Hexanitrohexaazaisowurtzitane (CL‐20) is one of the few ingredients developed since World War II to be considered for transition to military use. Five polymorphs have been identified for CL‐20 by FTIR measurements (α, β, γ, ε, ζ). As CL‐20 is transitioned into munitions it will become necessary to predict its response under conditions of detonation, for performance evaluation. Such predictive modeling requires a phase diagram and basic thermodynamic properties of the various phases at high pressure and temperature.

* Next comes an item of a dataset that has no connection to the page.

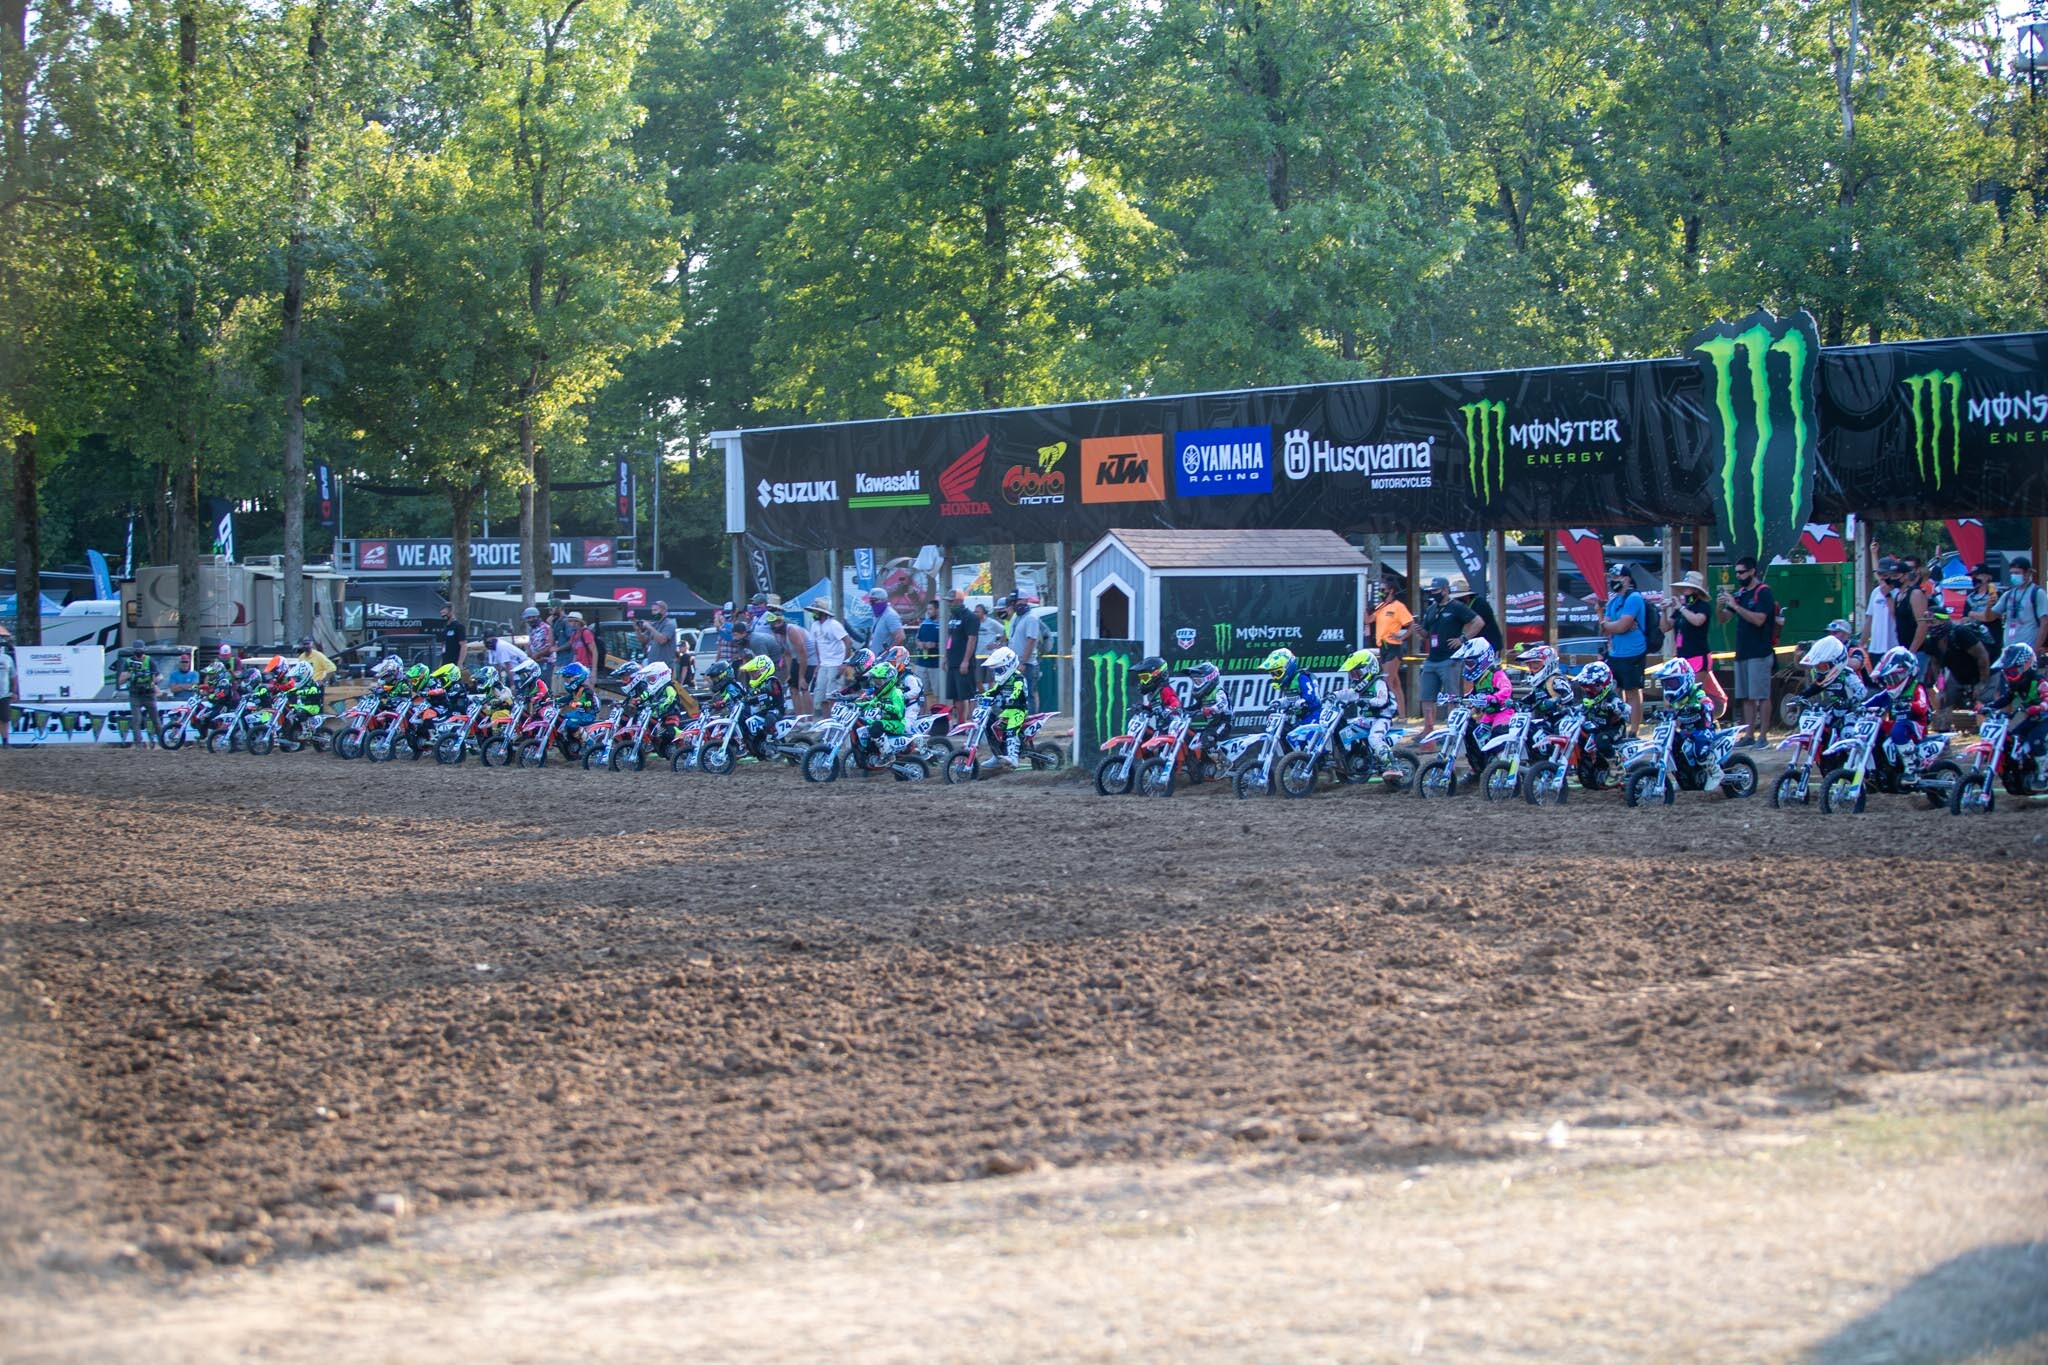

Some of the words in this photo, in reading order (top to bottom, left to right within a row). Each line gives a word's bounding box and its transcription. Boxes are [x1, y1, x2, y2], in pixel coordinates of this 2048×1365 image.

Therefore, the epsilon and gamma phases of CL‐20 at static high‐pressure and temperature were investigated using synchrotron angle‐dispersive x‐ray diffraction experiments. The samples were compressed and heated using diamond anvil cells (DAC). Pressures and temperatures achieved were around 5 GPa and 240 °C, respectively. The epsilon phase was stable to 6.3 GPa at ambient temperature. When heated at ambient pressure the epsilon phase was sustained to a temperature of 120 °C then underwent a transition to the gamma phase above 125 °C and then thermal decomposition occurred above 150 °C. Upon compression, the gamma phase underwent a phase transition at both ambient temperature and 140 °C. Pressure—volume data for the epsilon and gamma phase at ambient temperature and the epsilon phase at 75 °C were fit to the Birch‐Murnaghan formalism to obtain isothermal equations of state.